### Material provided ###

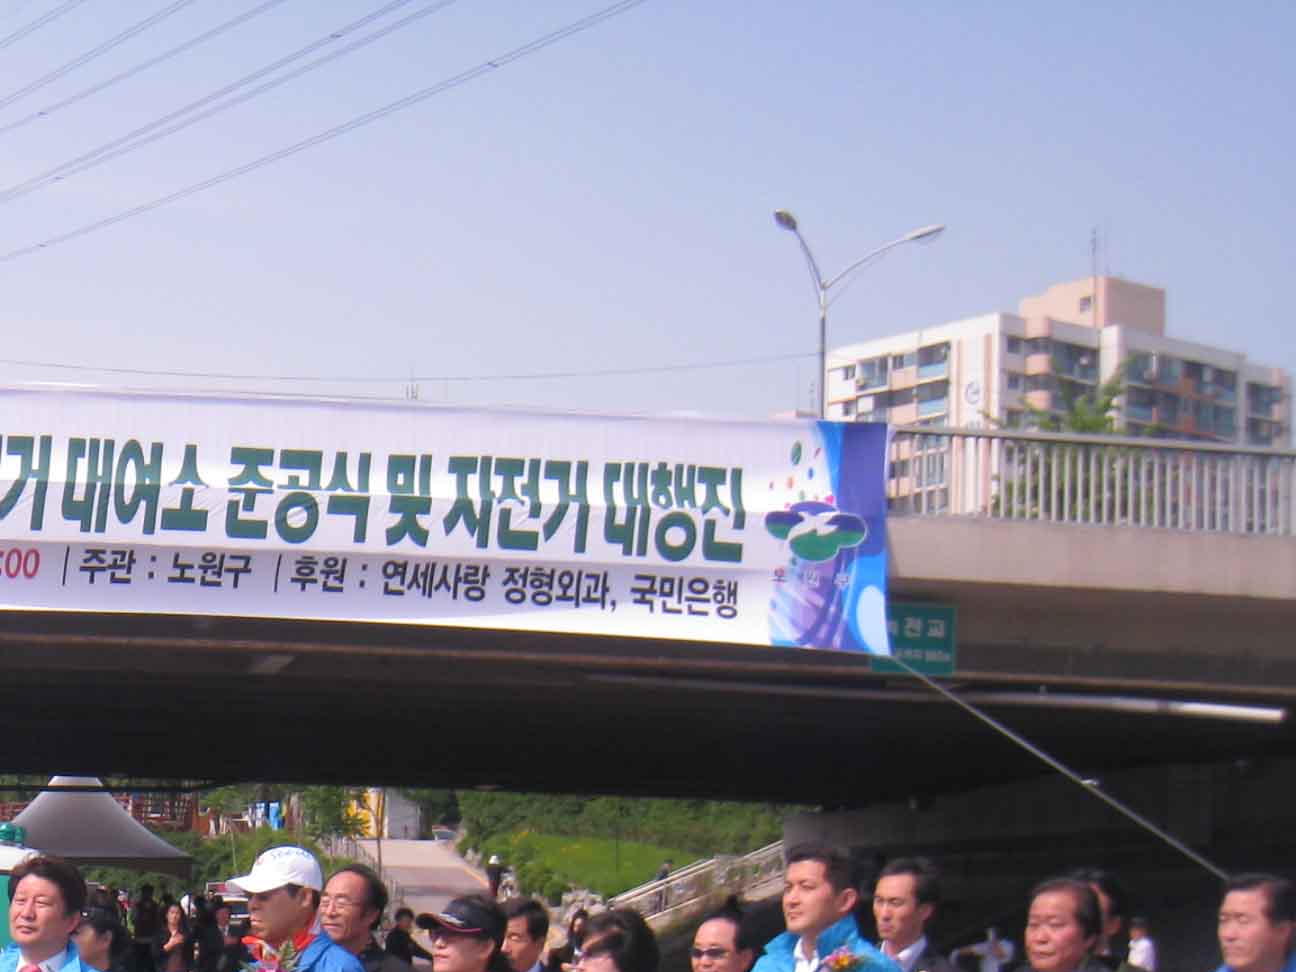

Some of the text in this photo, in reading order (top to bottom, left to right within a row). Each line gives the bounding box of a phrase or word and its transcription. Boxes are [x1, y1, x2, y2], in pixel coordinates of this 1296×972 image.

[61, 438, 209, 535] 대여소
[224, 446, 371, 545] 준공식
[386, 454, 434, 548] 및
[442, 456, 590, 554] 자전거
[603, 461, 746, 563] 대행진
[167, 551, 253, 588] 노원구
[381, 560, 490, 601] 연세사랑
[503, 565, 616, 612] 정형외과,
[630, 573, 738, 619] 국민은행
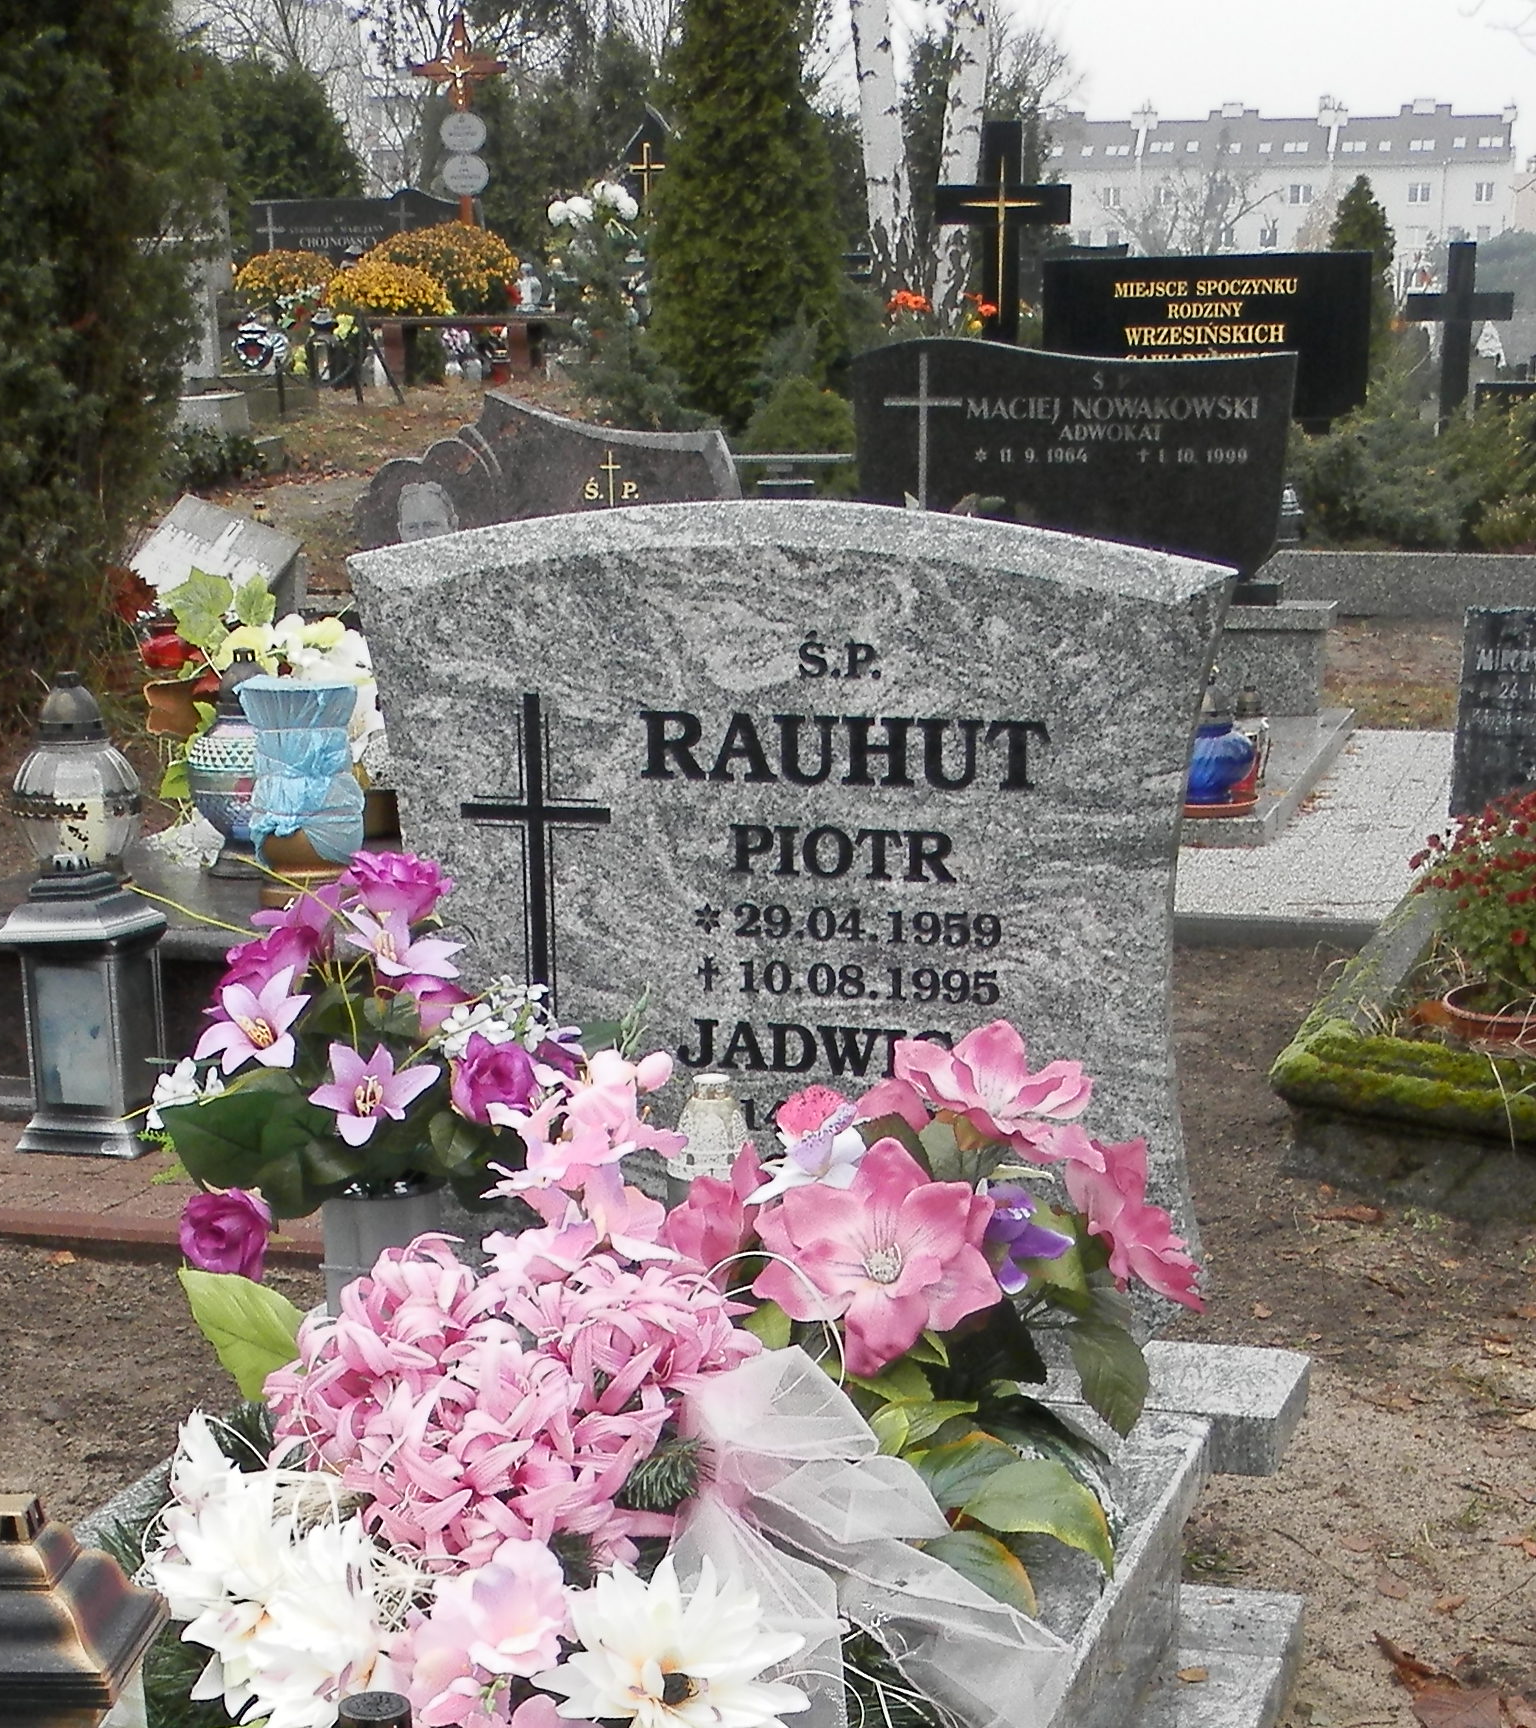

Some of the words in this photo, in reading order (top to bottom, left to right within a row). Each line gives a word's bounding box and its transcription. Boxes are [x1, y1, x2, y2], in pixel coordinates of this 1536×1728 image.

[1114, 280, 1188, 298] MIEJSCE
[1196, 277, 1298, 296] SPOCZYNKU
[1167, 301, 1244, 319] RODZINY
[1124, 322, 1285, 347] WRZESIŃSKICH
[966, 396, 1061, 425] MACIEJ
[1072, 396, 1261, 421] NOWAKOWSKI
[1058, 423, 1164, 442] ADWOKAT
[797, 630, 882, 681] Ś.P.
[638, 709, 1052, 792] RAUHUT
[729, 823, 958, 884] PIOTR
[732, 902, 1004, 950] 29.04.1959
[738, 958, 1003, 1007] 10.08.1995
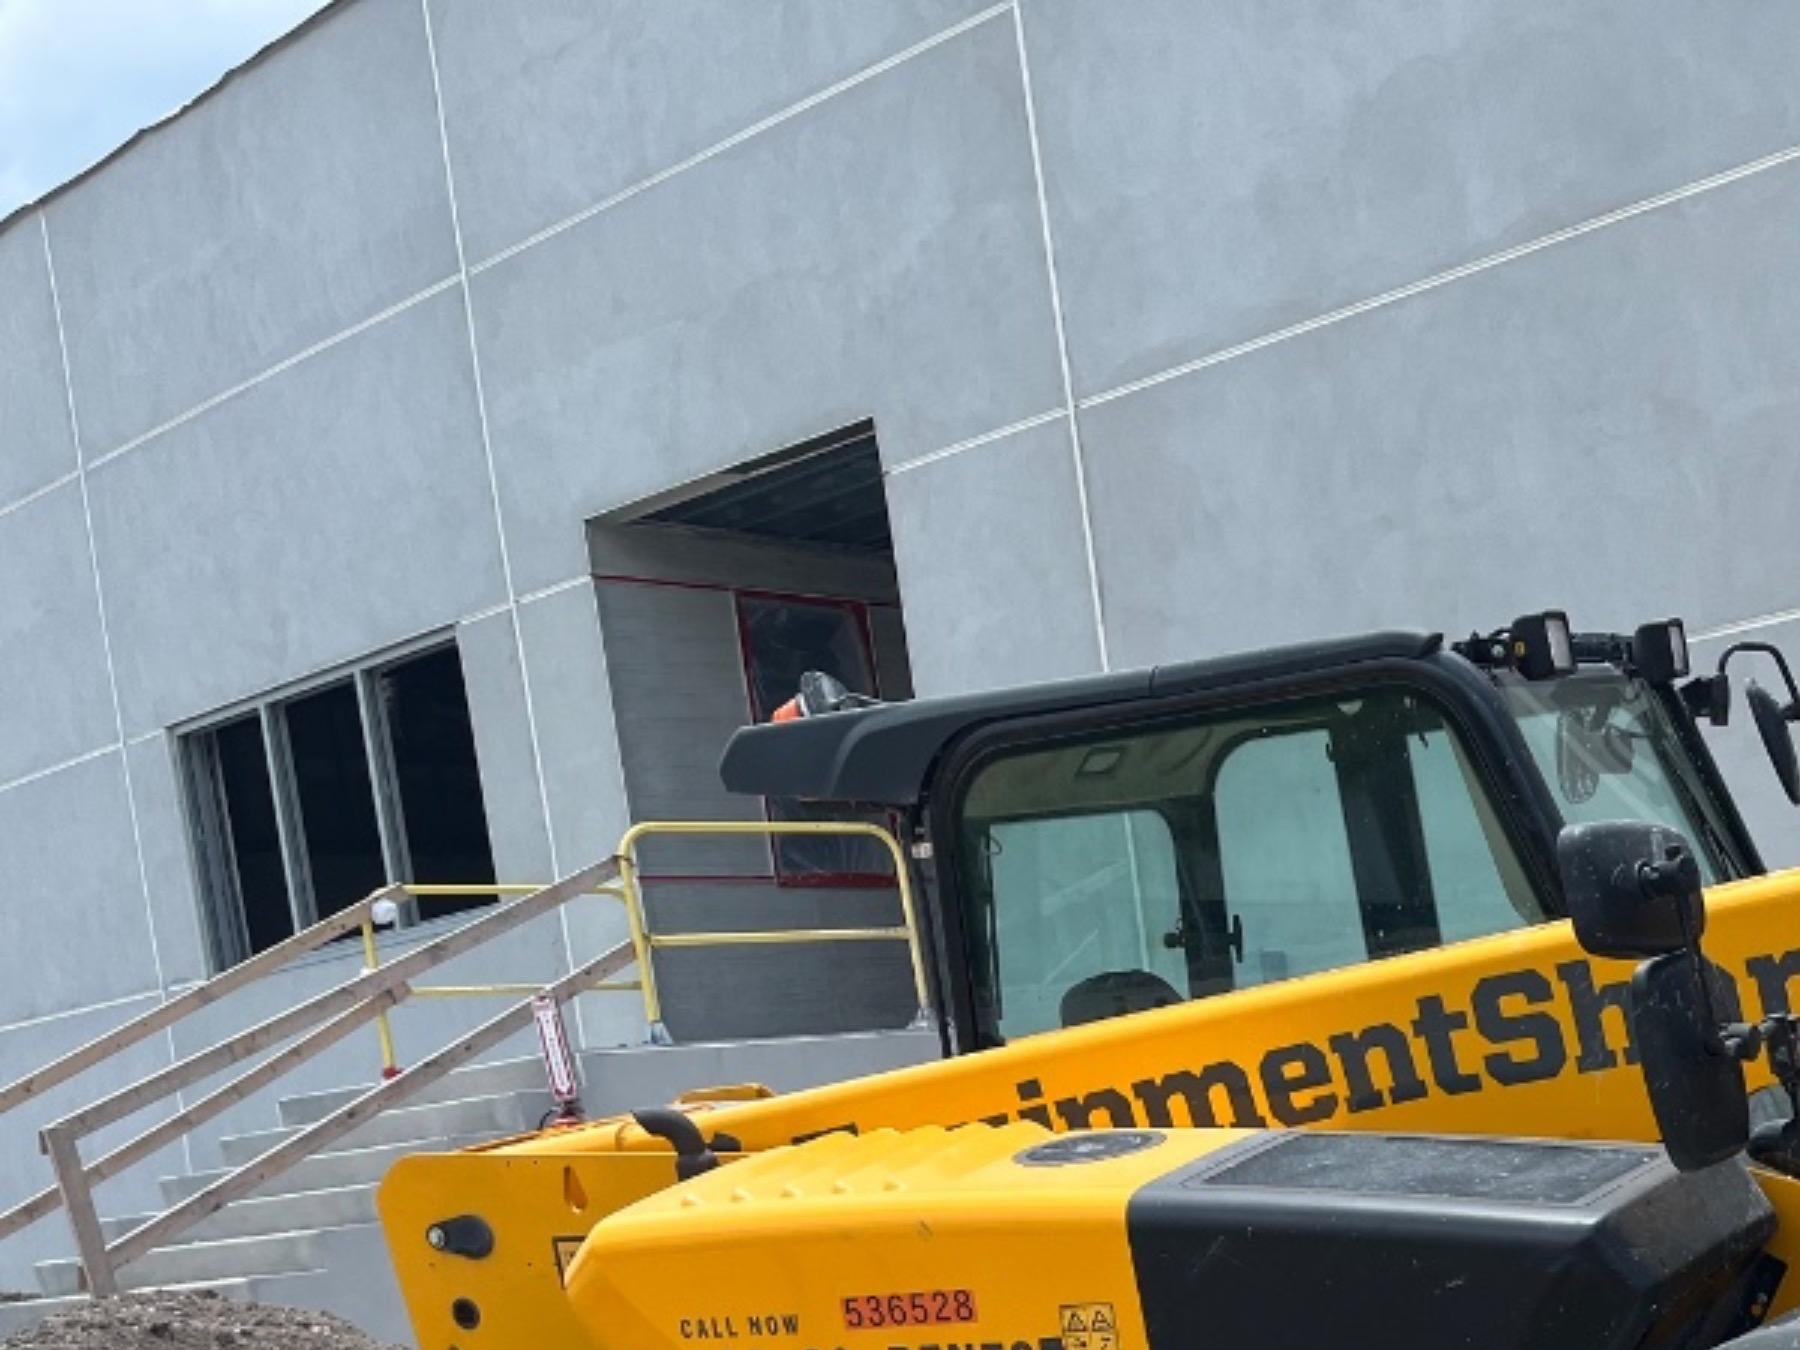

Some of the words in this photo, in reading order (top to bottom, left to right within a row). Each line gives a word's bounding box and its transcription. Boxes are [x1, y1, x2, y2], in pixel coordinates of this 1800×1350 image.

[846, 1290, 973, 1328] 536528
[680, 1317, 738, 1338] CALL
[748, 1314, 799, 1336] NOW

###

• _Problem requirements_
From the first line to the last, retype the data exactly, but omit every image.

• _Response area_
Some of the text in this photo, in reading order (top to bottom, left to right within a row). Each line gives the bounding box of a phrase or word and its transcription. Boxes are [x1, y1, x2, y2], in pixel coordinates of this 1296×972 image.

[61, 438, 209, 535] 대여소
[224, 446, 371, 545] 준공식
[386, 454, 434, 548] 및
[442, 456, 590, 554] 자전거
[603, 461, 746, 563] 대행진
[167, 551, 253, 588] 노원구
[381, 560, 490, 601] 연세사랑
[503, 565, 616, 612] 정형외과,
[630, 573, 738, 619] 국민은행

Some of the words in this photo, in reading order (top to bottom, left to right within a row). Each line gives a word's bounding box and its transcription. Boxes are [x1, y1, x2, y2], in pixel coordinates of this 1536×1728 image.

[1114, 280, 1188, 298] MIEJSCE
[1196, 277, 1298, 296] SPOCZYNKU
[1167, 301, 1244, 319] RODZINY
[1124, 322, 1285, 347] WRZESIŃSKICH
[966, 396, 1061, 425] MACIEJ
[1072, 396, 1261, 421] NOWAKOWSKI
[1058, 423, 1164, 442] ADWOKAT
[797, 630, 882, 681] Ś.P.
[638, 709, 1052, 792] RAUHUT
[729, 823, 958, 884] PIOTR
[732, 902, 1004, 950] 29.04.1959
[738, 958, 1003, 1007] 10.08.1995

Some of the words in this photo, in reading order (top to bottom, left to right within a row). Each line gives a word's bounding box and its transcription. Boxes are [x1, y1, x2, y2], in pixel coordinates of this 1800×1350 image.

[846, 1290, 973, 1328] 536528
[680, 1317, 738, 1338] CALL
[748, 1314, 799, 1336] NOW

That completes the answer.